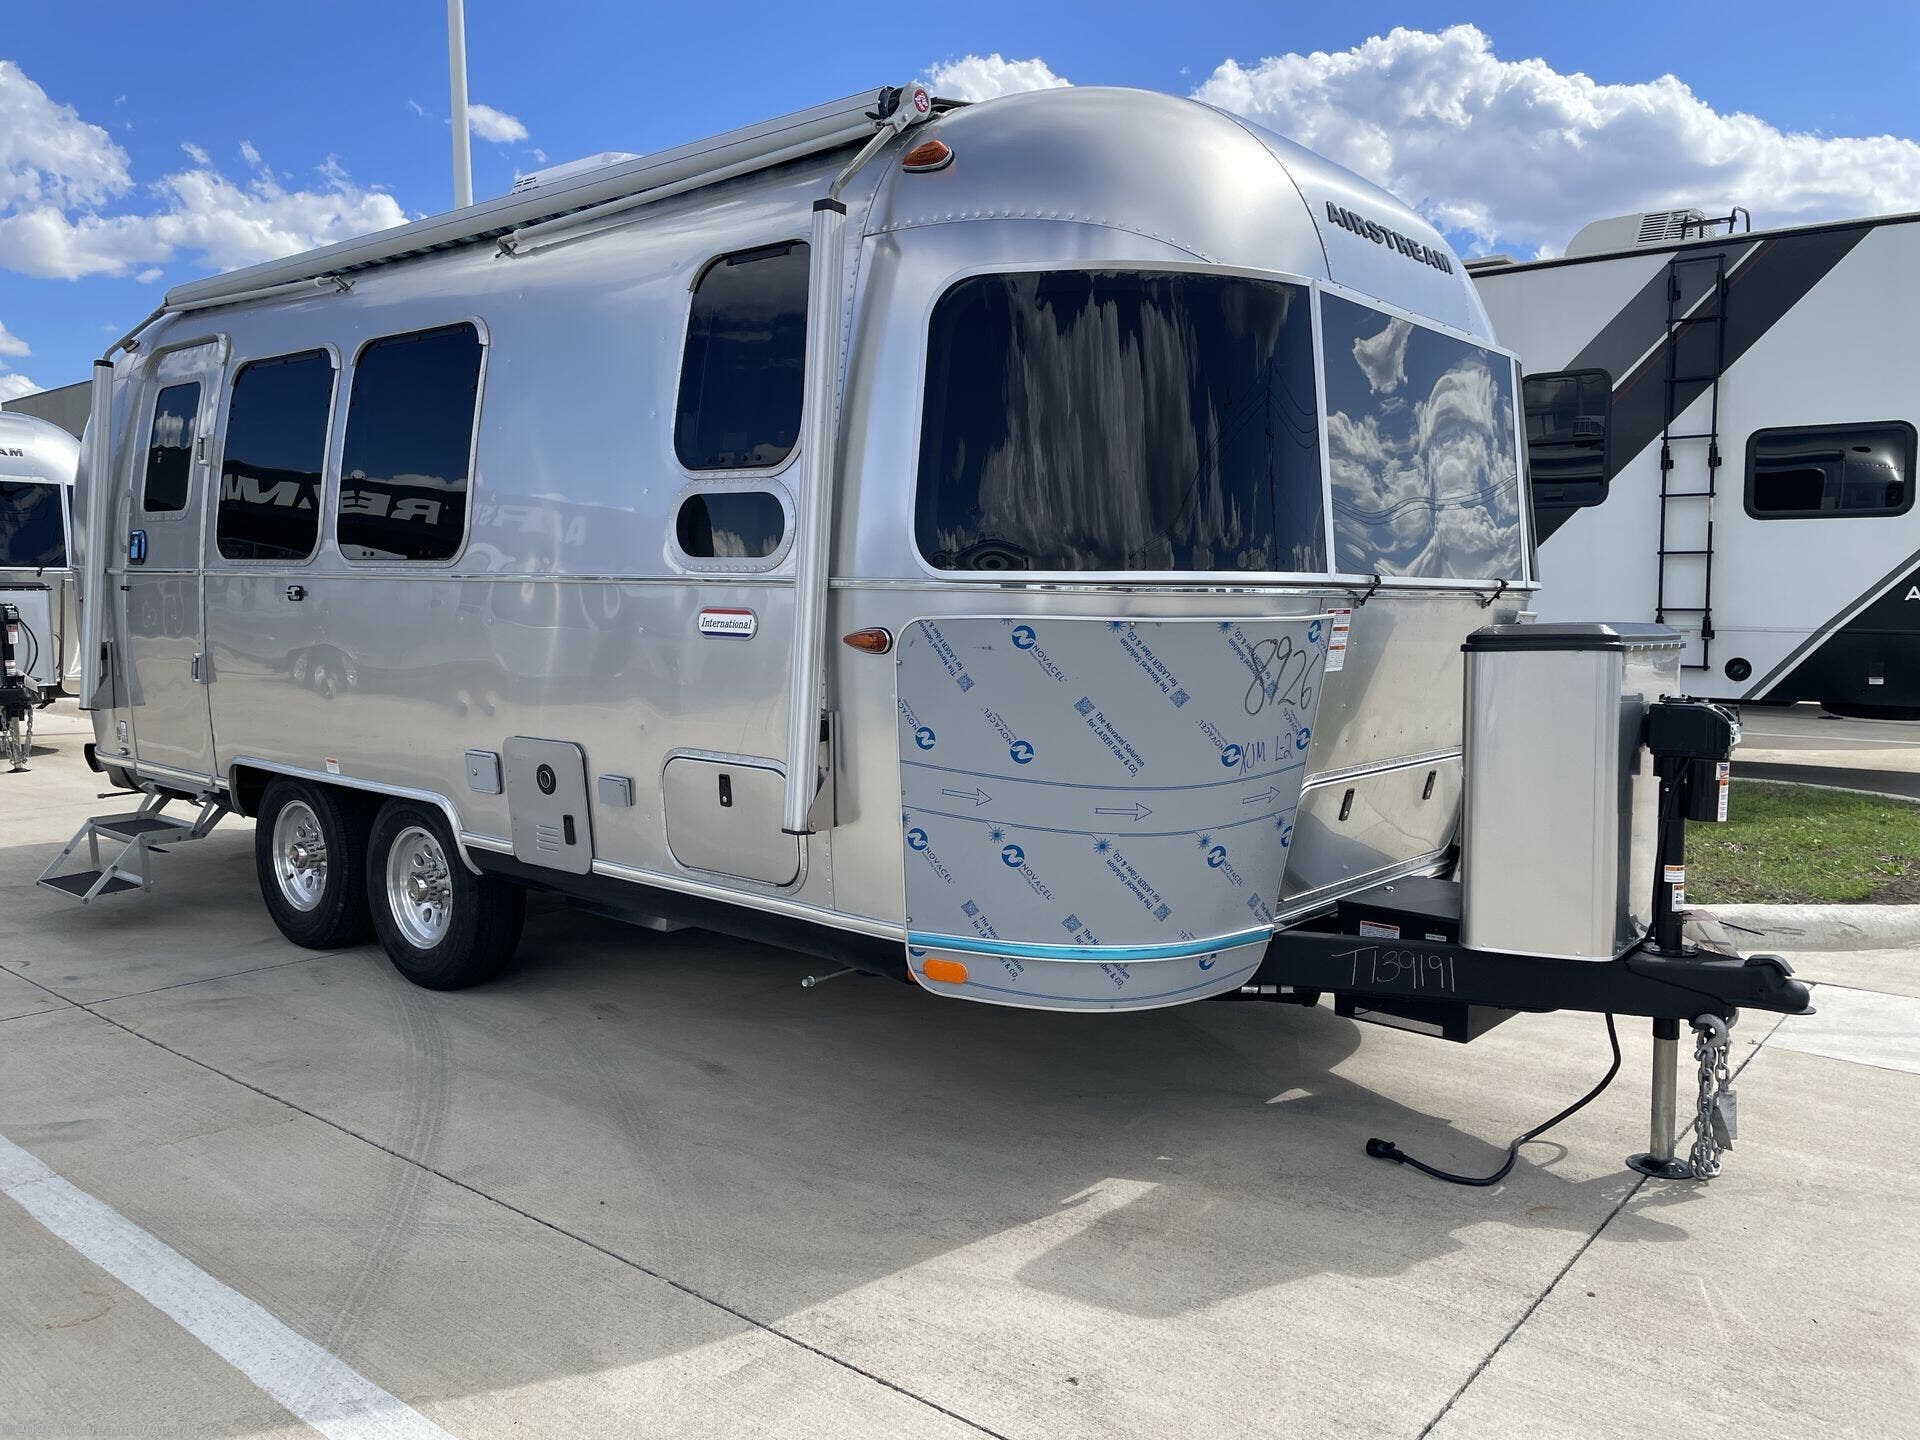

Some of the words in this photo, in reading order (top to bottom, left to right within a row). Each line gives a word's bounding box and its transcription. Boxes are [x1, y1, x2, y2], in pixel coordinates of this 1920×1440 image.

[1326, 201, 1453, 275] AIRSTREAM
[701, 617, 752, 629] International
[1032, 645, 1065, 682] NOVACEL
[1120, 638, 1142, 663] Solution
[1141, 645, 1156, 662] Fiber
[1138, 661, 1161, 685] Novacel
[1152, 659, 1171, 679] LASER
[1169, 677, 1178, 687] for
[1245, 636, 1320, 716] 8926
[1159, 681, 1170, 695] The
[984, 708, 1014, 745] NOVACEL
[1087, 718, 1096, 729] for
[1094, 727, 1114, 747] LASER
[1111, 745, 1126, 761] Fiber
[1095, 711, 1106, 725] The
[1104, 722, 1127, 746] Novacel
[1123, 743, 1145, 768] Solution
[924, 847, 952, 884] NOVACEL
[1021, 863, 1052, 900] NOVACEL
[1137, 877, 1155, 896] LASER
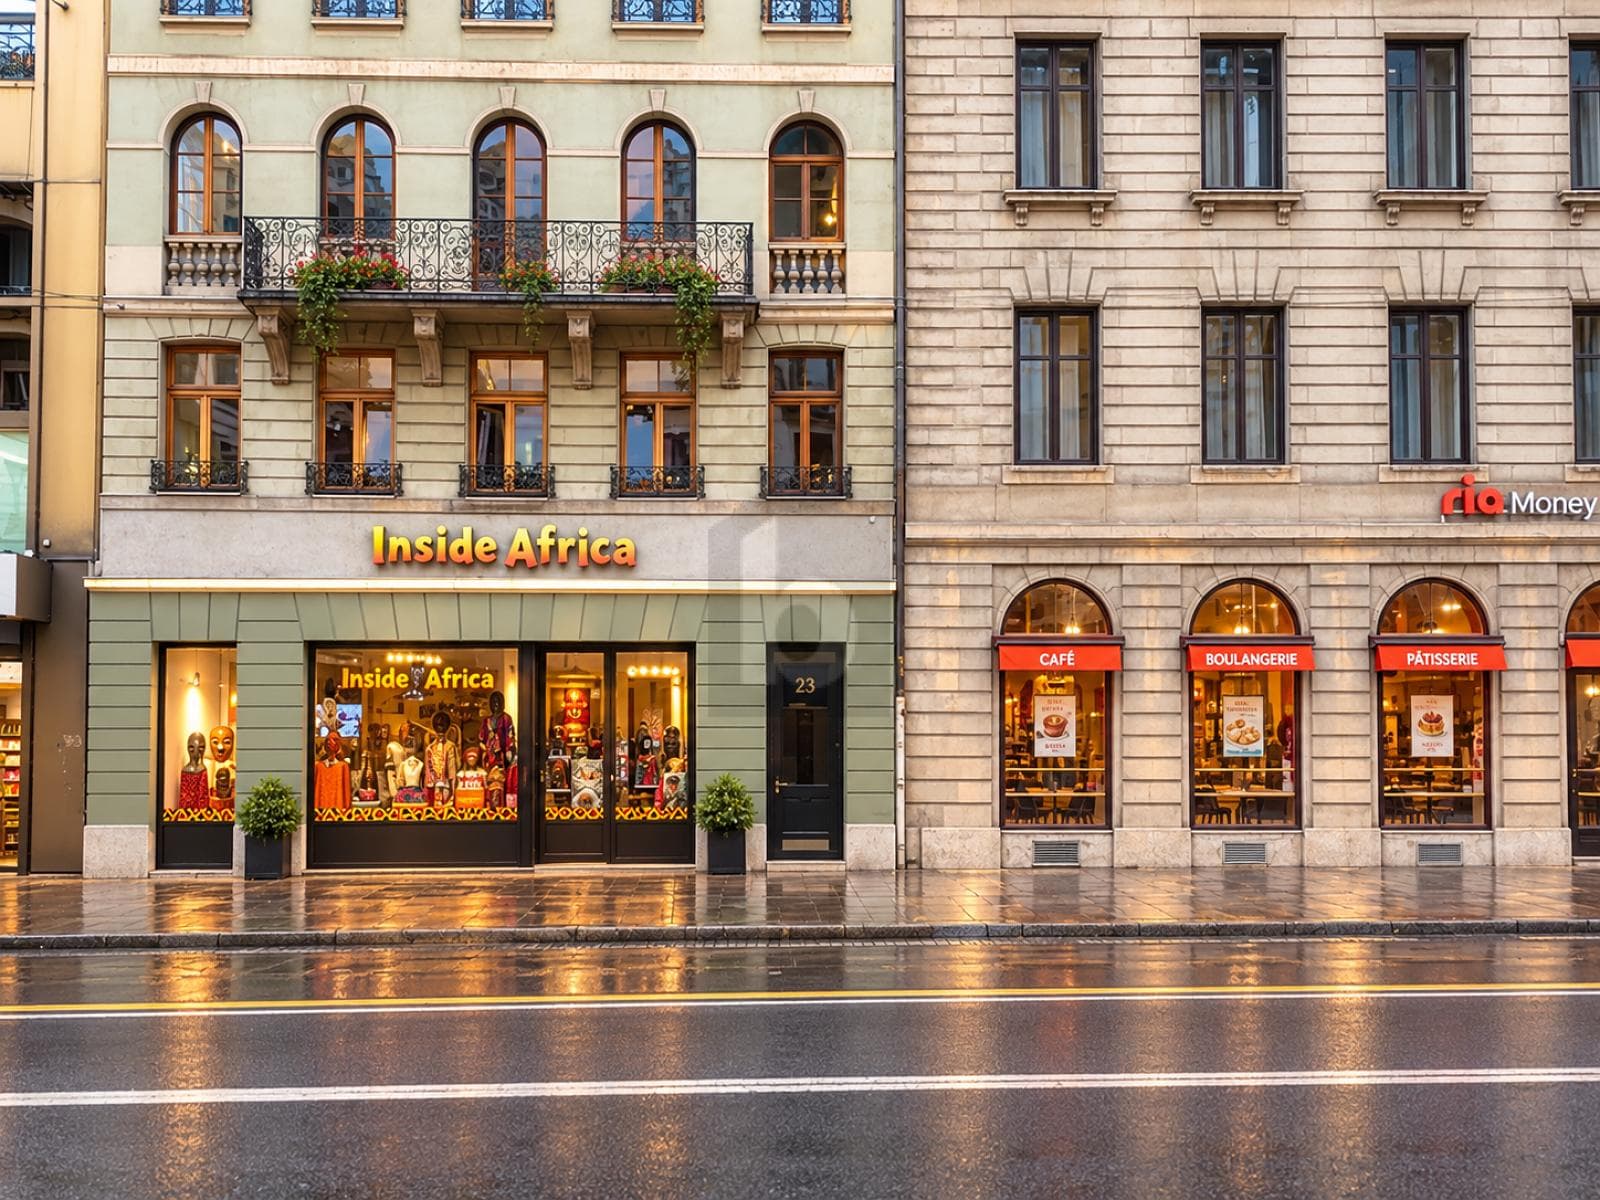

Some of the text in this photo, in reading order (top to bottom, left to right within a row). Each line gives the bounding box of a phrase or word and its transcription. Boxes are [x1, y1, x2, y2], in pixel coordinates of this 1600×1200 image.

[1441, 473, 1597, 520] ria Money
[372, 524, 637, 570] Inside Africa
[1039, 650, 1076, 667] CAFÉ
[1205, 652, 1298, 667] BOULANGERIE
[341, 667, 495, 690] Inside Africa
[795, 677, 816, 694] 23
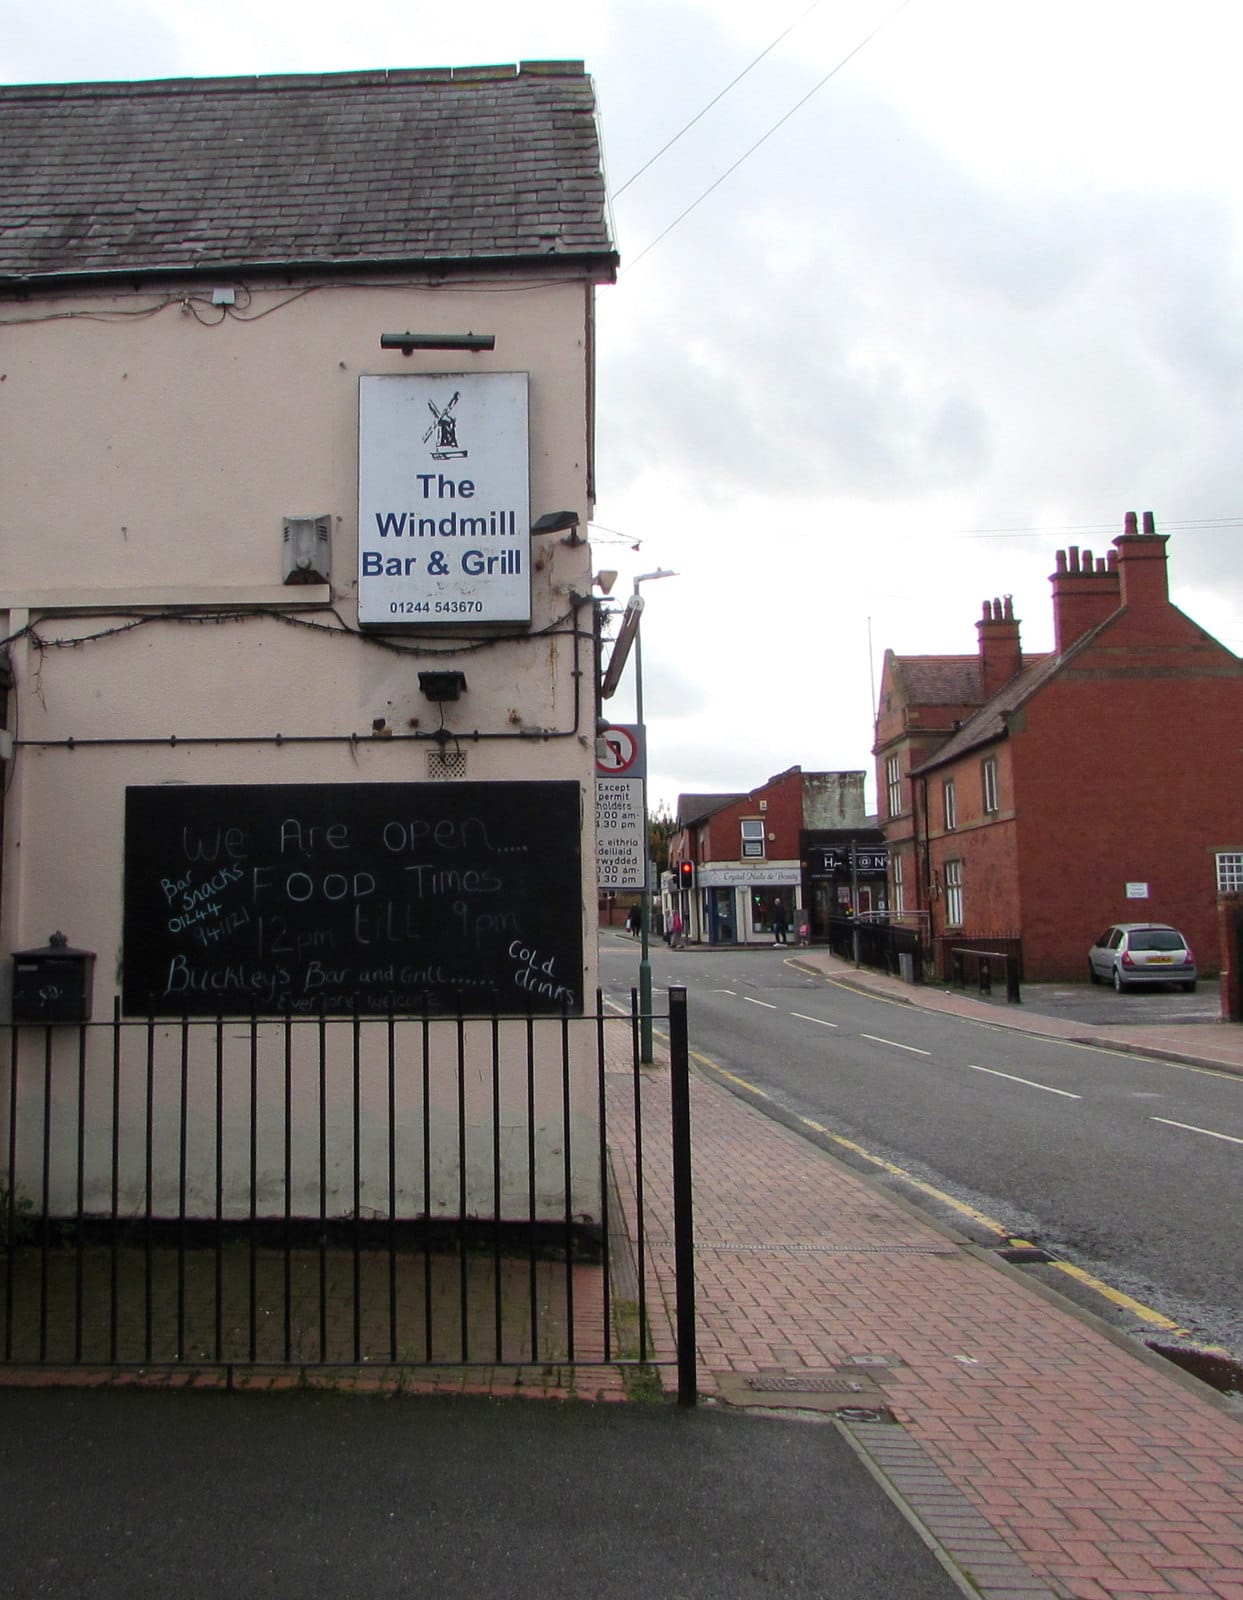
---*---
Pictures must be left out when the records are transcribed exactly.

Some of the words in this photo, in reading order (top to bottom, left to right within a row). Each line gives a word's bounding box and its transcription. Boxes are [x1, y1, x2, y2], in pixel coordinates of this 1920×1440 image.

[1326, 201, 1453, 275] AIRSTREAM
[701, 617, 752, 629] International
[1032, 645, 1065, 682] NOVACEL
[1120, 638, 1142, 663] Solution
[1141, 645, 1156, 662] Fiber
[1138, 661, 1161, 685] Novacel
[1152, 659, 1171, 679] LASER
[1169, 677, 1178, 687] for
[1245, 636, 1320, 716] 8926
[1159, 681, 1170, 695] The
[984, 708, 1014, 745] NOVACEL
[1087, 718, 1096, 729] for
[1094, 727, 1114, 747] LASER
[1111, 745, 1126, 761] Fiber
[1095, 711, 1106, 725] The
[1104, 722, 1127, 746] Novacel
[1123, 743, 1145, 768] Solution
[924, 847, 952, 884] NOVACEL
[1021, 863, 1052, 900] NOVACEL
[1137, 877, 1155, 896] LASER

Some of the text in this photo, in reading order (top to bottom, left to right within a row). Each line gives the bounding box of a phrase or word and its transcription. Boxes are [x1, y1, x2, y2], in pixel coordinates of this 1600×1200 image.

[1441, 473, 1597, 520] ria Money
[372, 524, 637, 570] Inside Africa
[1039, 650, 1076, 667] CAFÉ
[1205, 652, 1298, 667] BOULANGERIE
[341, 667, 495, 690] Inside Africa
[795, 677, 816, 694] 23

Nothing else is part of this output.